MATERIAL FOR THIS EXERCISE:
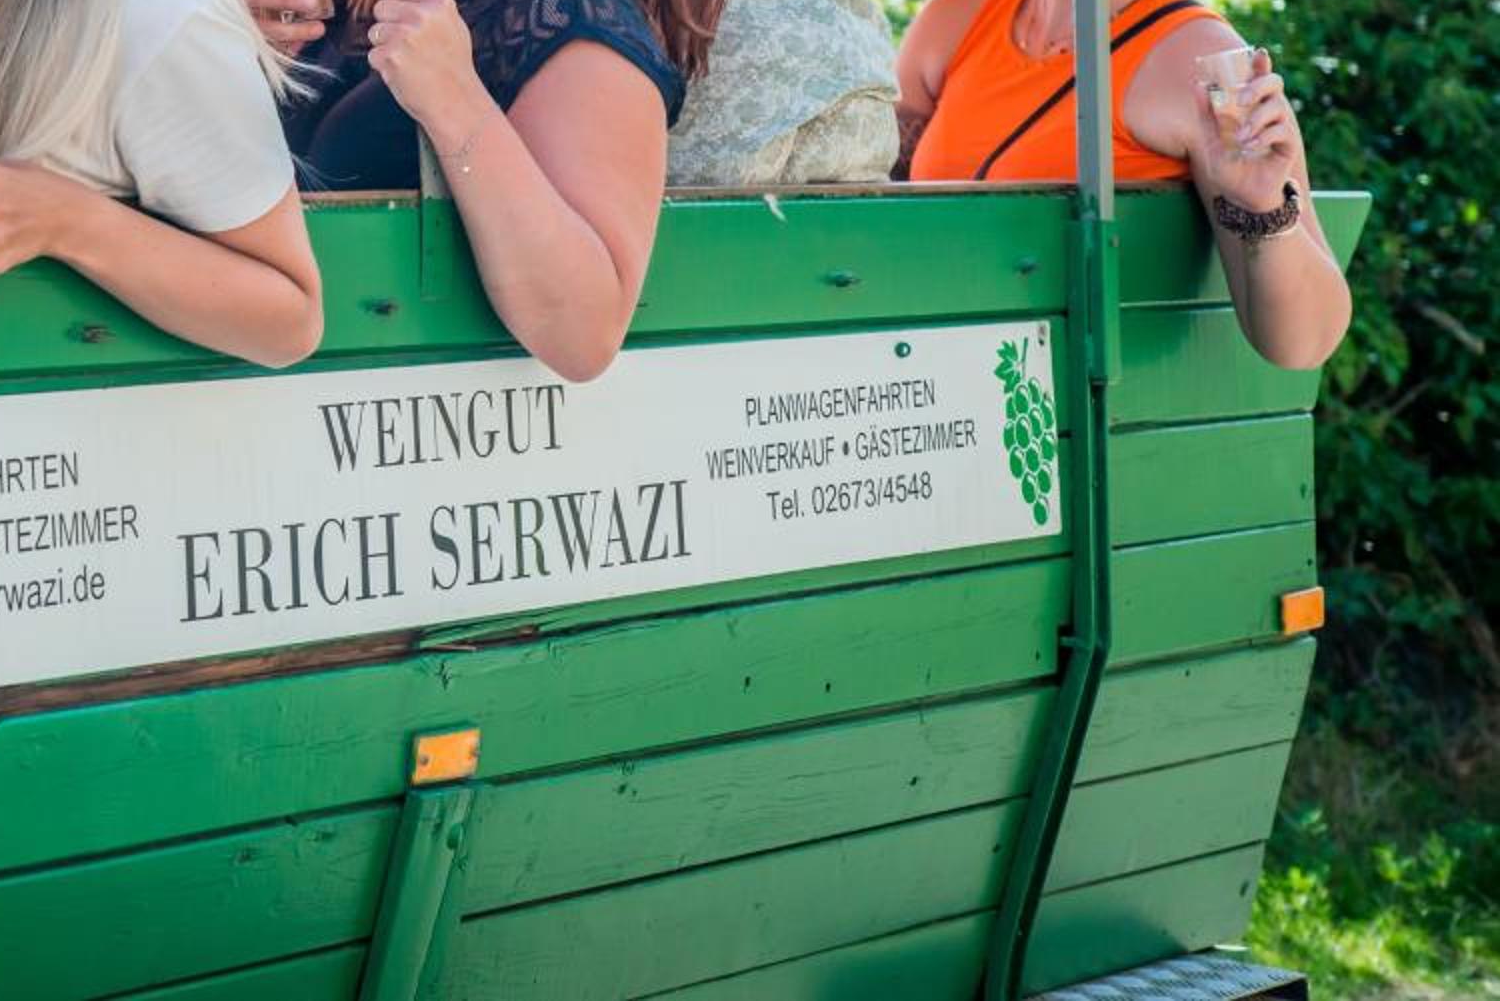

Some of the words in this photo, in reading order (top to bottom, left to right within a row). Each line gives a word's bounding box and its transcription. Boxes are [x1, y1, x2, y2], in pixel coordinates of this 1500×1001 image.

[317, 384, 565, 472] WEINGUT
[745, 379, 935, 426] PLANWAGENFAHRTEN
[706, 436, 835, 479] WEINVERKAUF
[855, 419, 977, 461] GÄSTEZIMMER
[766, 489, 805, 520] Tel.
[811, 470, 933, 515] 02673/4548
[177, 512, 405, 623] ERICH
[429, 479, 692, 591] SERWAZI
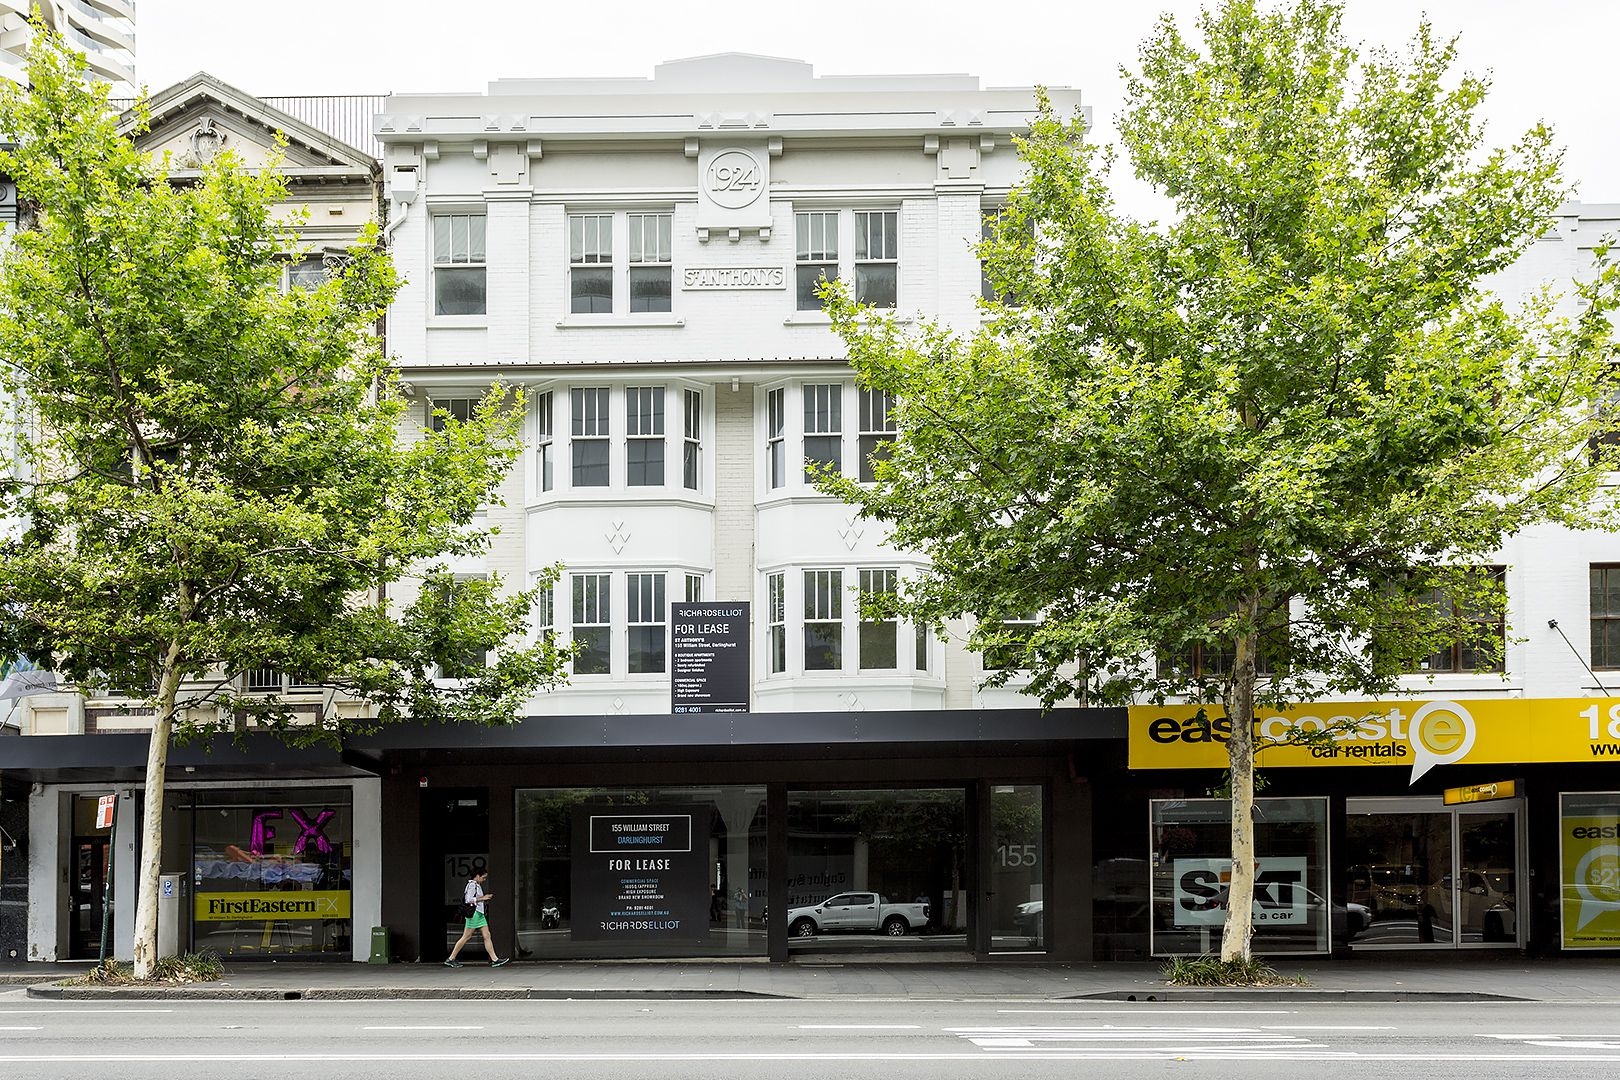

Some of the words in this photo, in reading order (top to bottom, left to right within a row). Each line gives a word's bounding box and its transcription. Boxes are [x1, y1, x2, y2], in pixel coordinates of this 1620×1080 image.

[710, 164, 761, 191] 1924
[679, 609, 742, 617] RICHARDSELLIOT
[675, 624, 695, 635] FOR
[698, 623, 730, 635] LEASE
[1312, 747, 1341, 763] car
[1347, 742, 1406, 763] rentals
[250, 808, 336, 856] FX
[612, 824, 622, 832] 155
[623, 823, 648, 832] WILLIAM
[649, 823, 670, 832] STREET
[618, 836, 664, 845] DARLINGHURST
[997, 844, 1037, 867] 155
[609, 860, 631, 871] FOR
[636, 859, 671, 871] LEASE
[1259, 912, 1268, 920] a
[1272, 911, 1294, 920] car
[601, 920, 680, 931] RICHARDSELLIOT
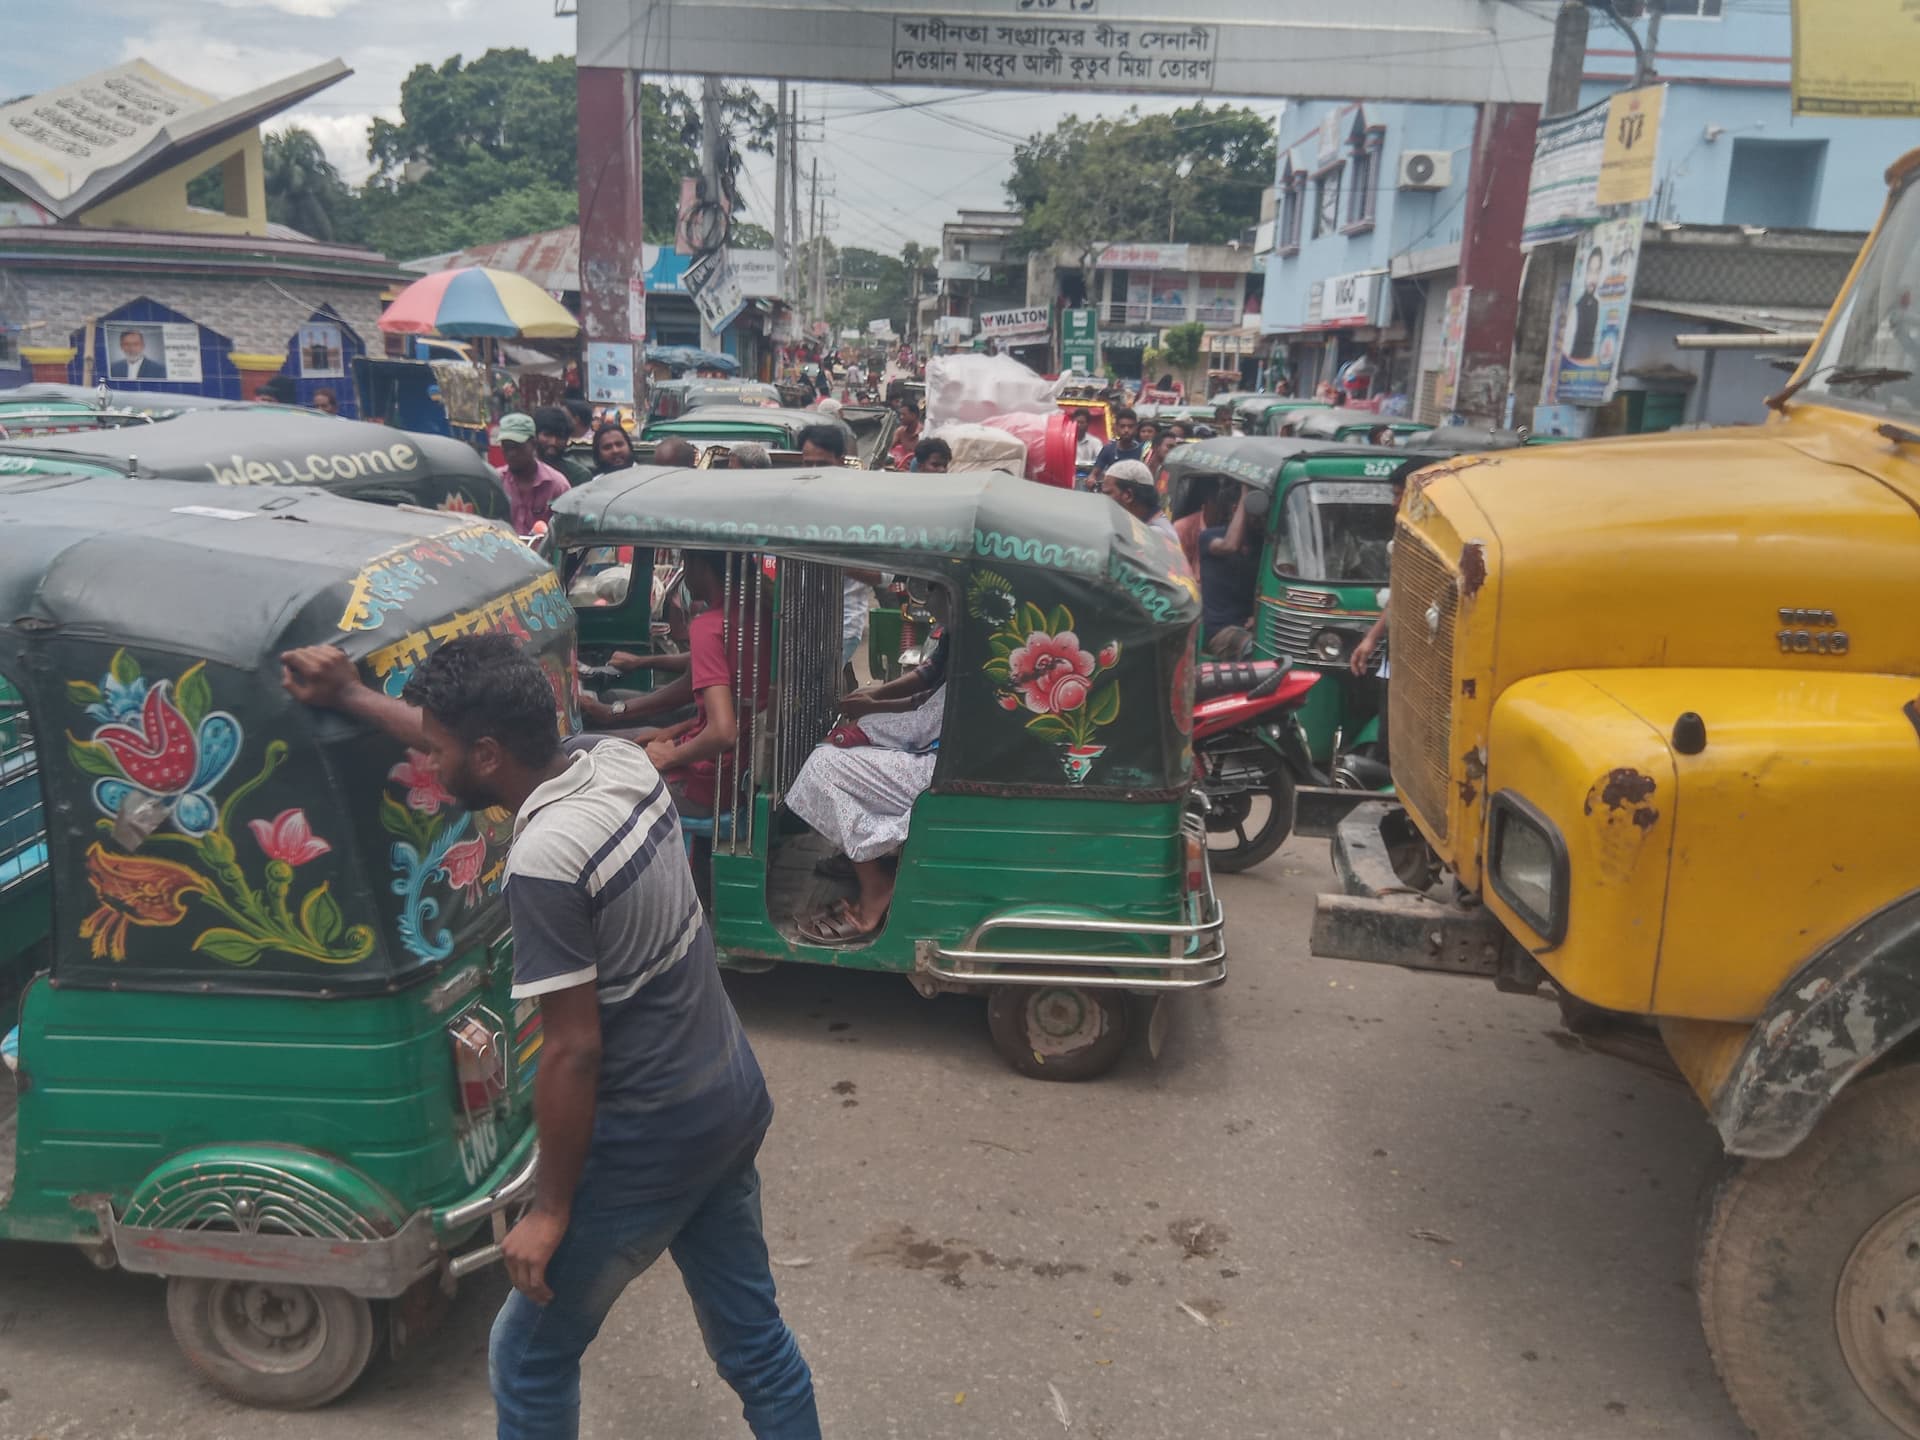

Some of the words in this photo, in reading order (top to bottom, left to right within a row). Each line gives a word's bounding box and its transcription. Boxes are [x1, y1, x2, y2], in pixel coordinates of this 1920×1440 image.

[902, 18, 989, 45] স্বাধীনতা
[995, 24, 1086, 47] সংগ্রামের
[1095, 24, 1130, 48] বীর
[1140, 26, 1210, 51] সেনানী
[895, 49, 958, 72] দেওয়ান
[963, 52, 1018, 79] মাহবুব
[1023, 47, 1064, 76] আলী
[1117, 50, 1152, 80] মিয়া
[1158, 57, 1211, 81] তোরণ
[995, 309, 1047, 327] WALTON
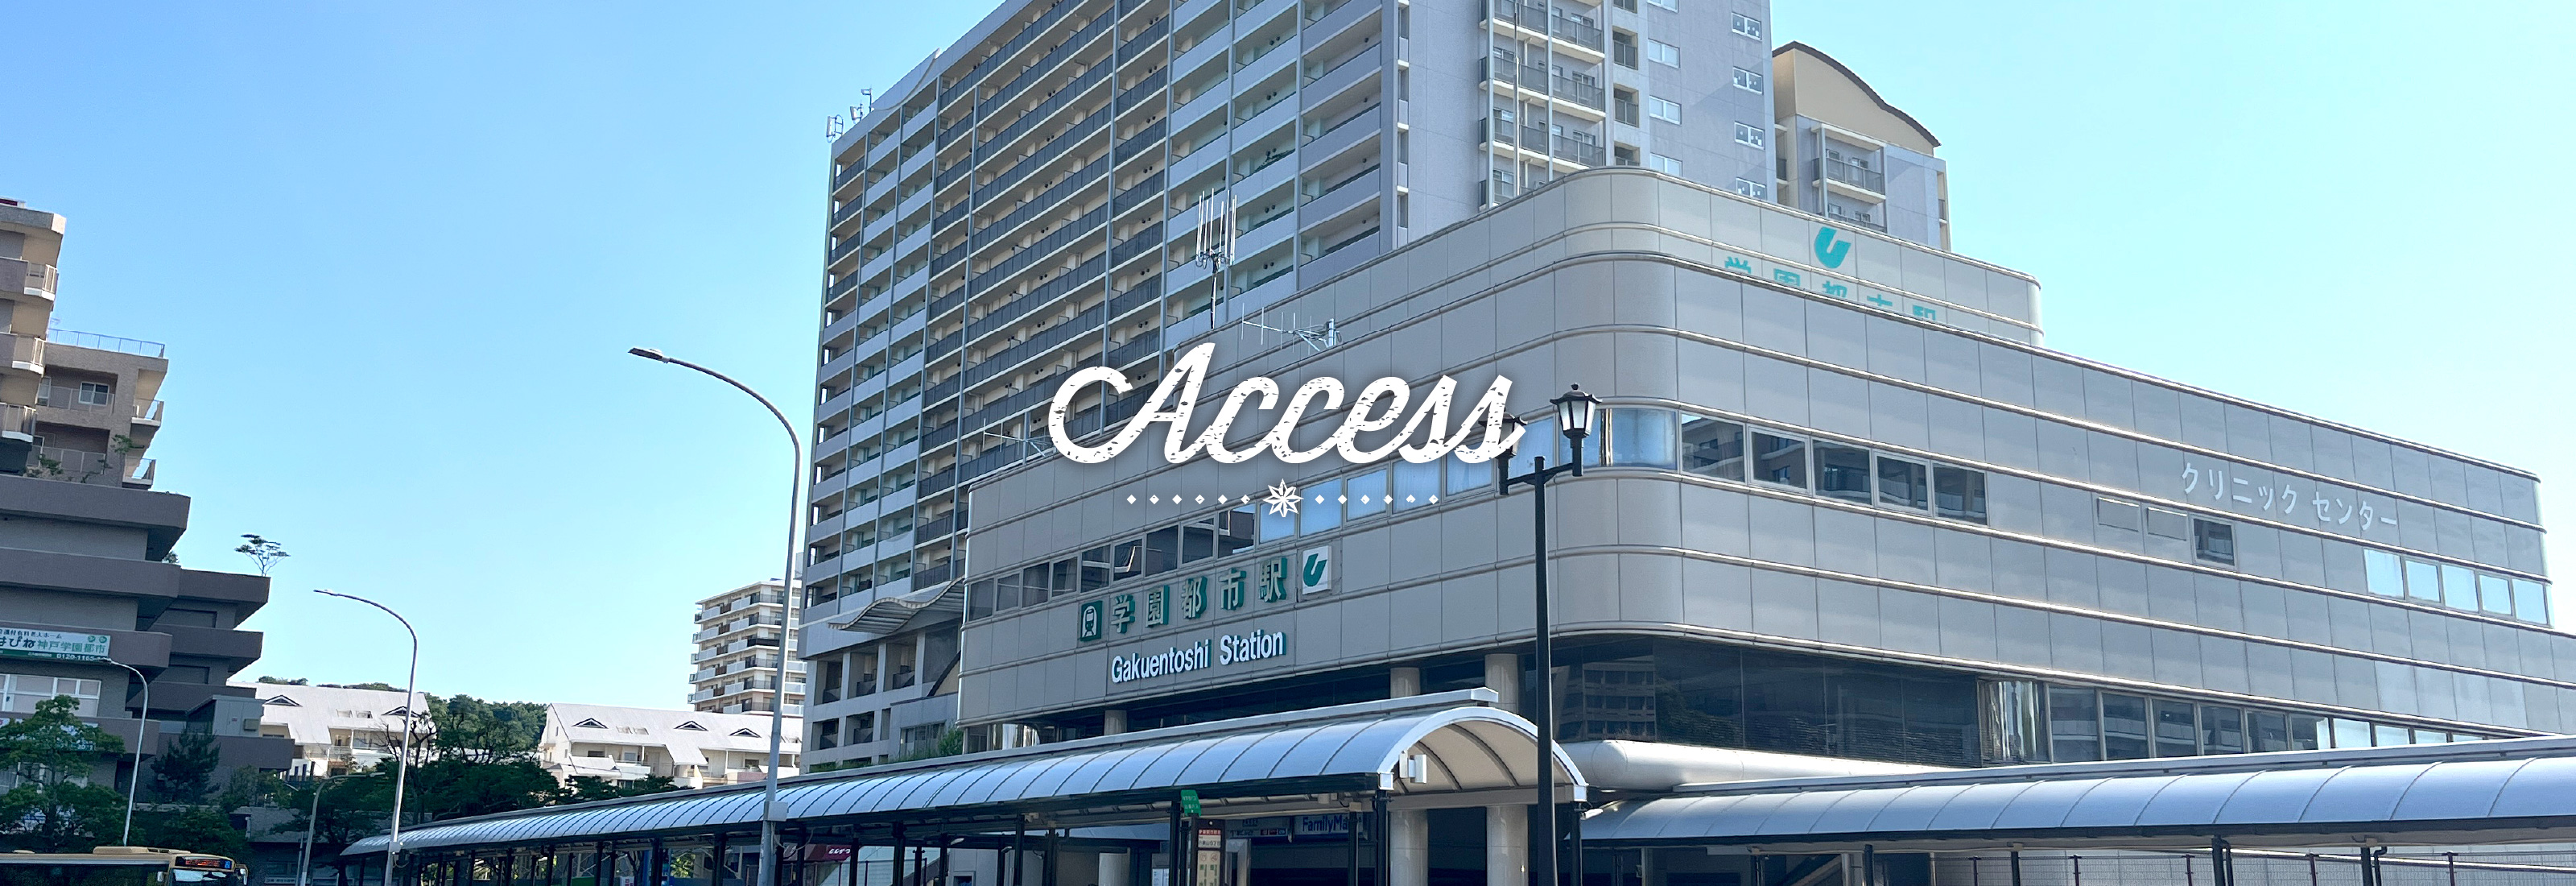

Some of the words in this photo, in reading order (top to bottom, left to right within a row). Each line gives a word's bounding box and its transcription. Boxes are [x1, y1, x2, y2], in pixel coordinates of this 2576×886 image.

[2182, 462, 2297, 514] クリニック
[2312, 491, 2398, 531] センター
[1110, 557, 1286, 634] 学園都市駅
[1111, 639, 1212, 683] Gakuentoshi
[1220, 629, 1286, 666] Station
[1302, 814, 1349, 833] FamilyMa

ABOUT THIS TASK: Return the lines from the one that contains "this 1920×1440 image." through the final line of the listing above, inclusive. Transcribe them exactly and drop the pictures.

TASK OUTPUT:
Some of the words in this photo, in reading order (top to bottom, left to right within a row). Each line gives a word's bounding box and its transcription. Boxes are [x1, y1, x2, y2], in pixel coordinates of this 1920×1440 image.

[902, 18, 989, 45] স্বাধীনতা
[995, 24, 1086, 47] সংগ্রামের
[1095, 24, 1130, 48] বীর
[1140, 26, 1210, 51] সেনানী
[895, 49, 958, 72] দেওয়ান
[963, 52, 1018, 79] মাহবুব
[1023, 47, 1064, 76] আলী
[1117, 50, 1152, 80] মিয়া
[1158, 57, 1211, 81] তোরণ
[995, 309, 1047, 327] WALTON

Some of the words in this photo, in reading order (top to bottom, left to right within a row). Each line gives a word's bounding box and its transcription. Boxes are [x1, y1, x2, y2], in pixel coordinates of this 2576×886 image.

[2182, 462, 2297, 514] クリニック
[2312, 491, 2398, 531] センター
[1110, 557, 1286, 634] 学園都市駅
[1111, 639, 1212, 683] Gakuentoshi
[1220, 629, 1286, 666] Station
[1302, 814, 1349, 833] FamilyMa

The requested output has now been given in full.